▼
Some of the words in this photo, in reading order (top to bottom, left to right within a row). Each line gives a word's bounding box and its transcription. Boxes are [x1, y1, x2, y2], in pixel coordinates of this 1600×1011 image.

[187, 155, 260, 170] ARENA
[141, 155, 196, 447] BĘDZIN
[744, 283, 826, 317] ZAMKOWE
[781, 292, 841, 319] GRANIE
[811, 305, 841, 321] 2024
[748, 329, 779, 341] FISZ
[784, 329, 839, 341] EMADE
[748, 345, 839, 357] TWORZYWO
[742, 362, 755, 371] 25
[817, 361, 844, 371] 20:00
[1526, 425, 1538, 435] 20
▲
DESCRIPTION OF THE TASK
The full set of entries has to be duplicated precisely.

RESPONSE TO THE EXERCISE
Some of the words in this photo, in reading order (top to bottom, left to right within a row). Each line gives a word's bounding box and its transcription. Boxes are [x1, y1, x2, y2], in pixel coordinates of this 1600×1011 image.

[187, 155, 260, 170] ARENA
[141, 155, 196, 447] BĘDZIN
[744, 283, 826, 317] ZAMKOWE
[781, 292, 841, 319] GRANIE
[811, 305, 841, 321] 2024
[748, 329, 779, 341] FISZ
[784, 329, 839, 341] EMADE
[748, 345, 839, 357] TWORZYWO
[742, 362, 755, 371] 25
[817, 361, 844, 371] 20:00
[1526, 425, 1538, 435] 20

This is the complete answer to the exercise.